The following entries should be restated word for word, pictures excluded.

_ _ _ _

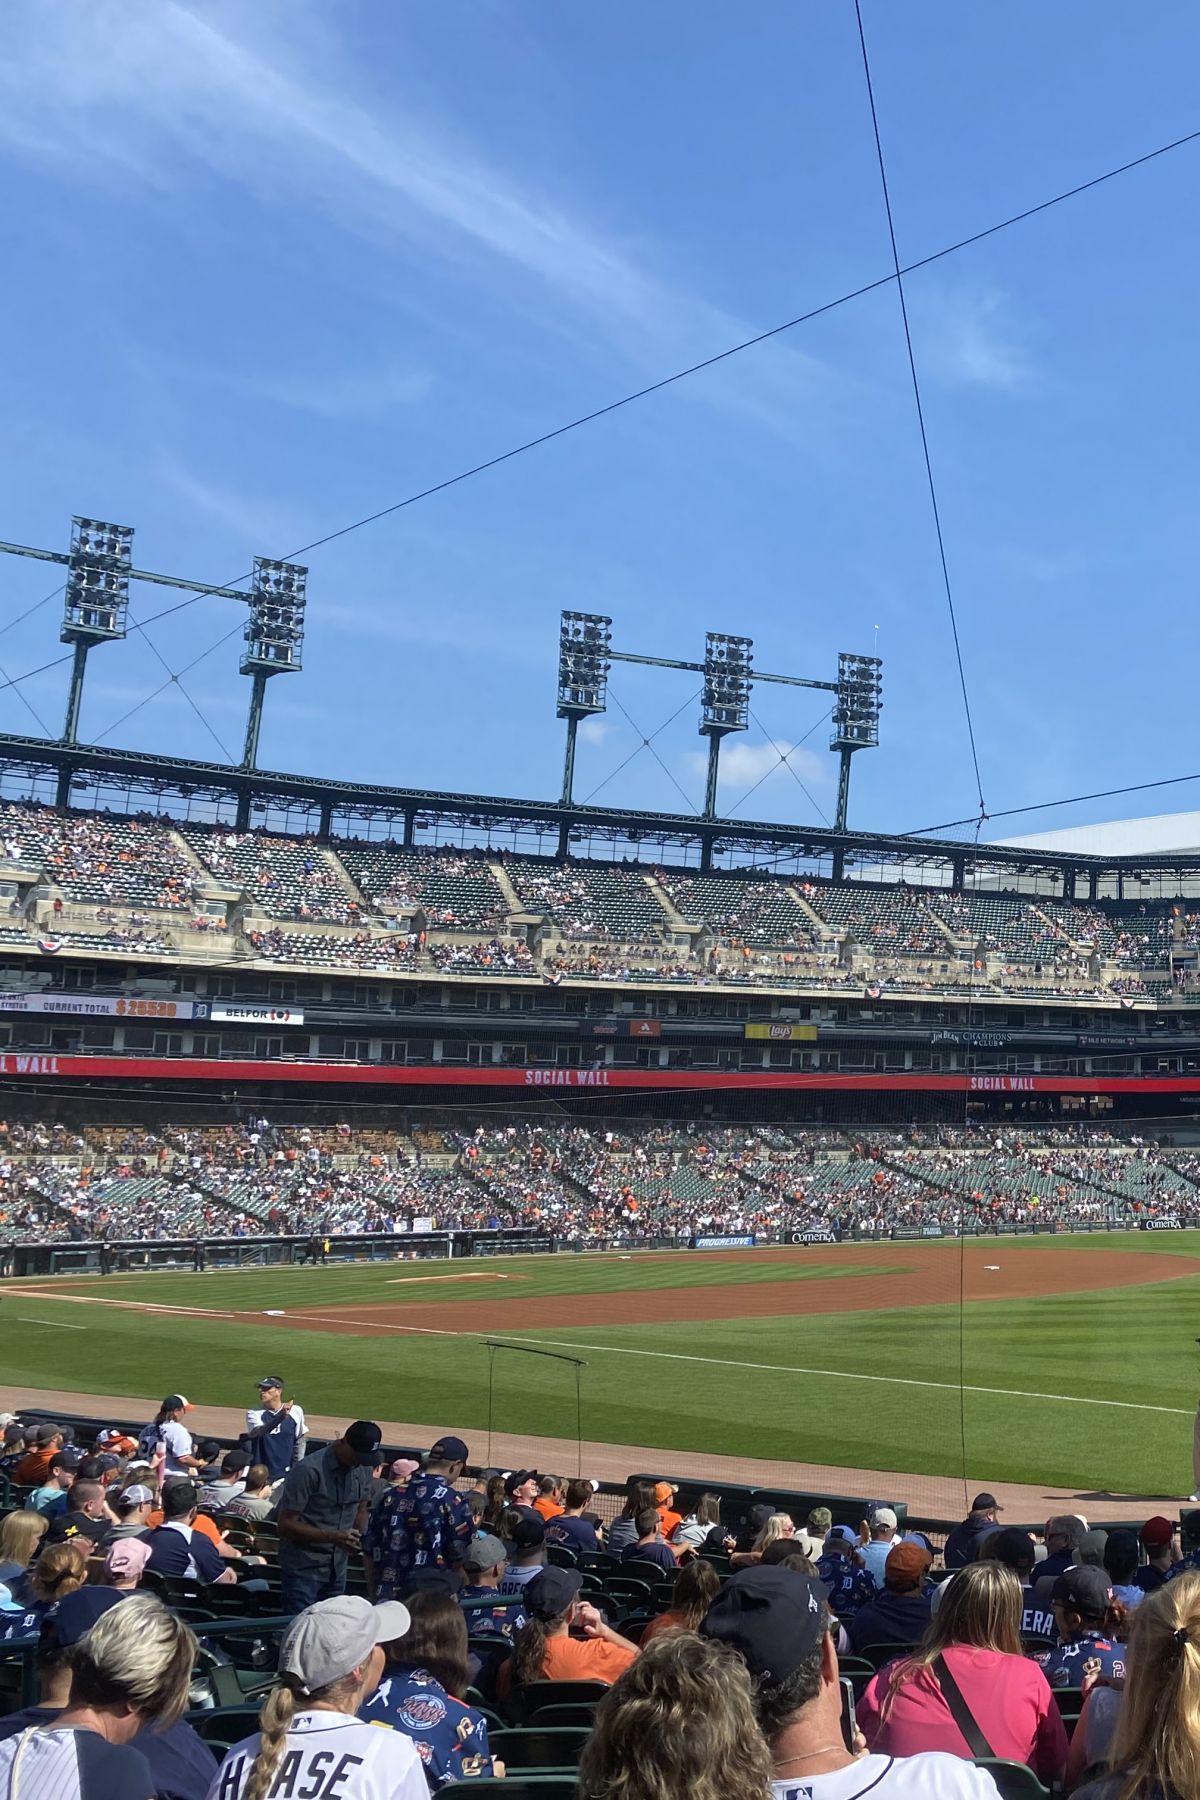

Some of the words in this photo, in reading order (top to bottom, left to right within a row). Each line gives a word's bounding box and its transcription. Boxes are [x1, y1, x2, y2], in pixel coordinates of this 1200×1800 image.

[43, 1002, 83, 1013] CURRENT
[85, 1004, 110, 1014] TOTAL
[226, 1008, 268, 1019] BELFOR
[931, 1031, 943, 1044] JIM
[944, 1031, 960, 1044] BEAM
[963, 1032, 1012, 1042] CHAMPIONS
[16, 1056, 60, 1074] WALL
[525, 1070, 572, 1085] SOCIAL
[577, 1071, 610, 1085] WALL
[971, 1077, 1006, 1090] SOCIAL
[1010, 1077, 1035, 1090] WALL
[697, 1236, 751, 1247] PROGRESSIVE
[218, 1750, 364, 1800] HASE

_ _ _ _

**RESPONSE TO THE TASK:**
Some of the words in this photo, in reading order (top to bottom, left to right within a row). Each line gives a word's bounding box and its transcription. Boxes are [x1, y1, x2, y2], in pixel coordinates of this 1200×1800 image.

[43, 1002, 83, 1013] CURRENT
[85, 1004, 110, 1014] TOTAL
[226, 1008, 268, 1019] BELFOR
[931, 1031, 943, 1044] JIM
[944, 1031, 960, 1044] BEAM
[963, 1032, 1012, 1042] CHAMPIONS
[16, 1056, 60, 1074] WALL
[525, 1070, 572, 1085] SOCIAL
[577, 1071, 610, 1085] WALL
[971, 1077, 1006, 1090] SOCIAL
[1010, 1077, 1035, 1090] WALL
[697, 1236, 751, 1247] PROGRESSIVE
[218, 1750, 364, 1800] HASE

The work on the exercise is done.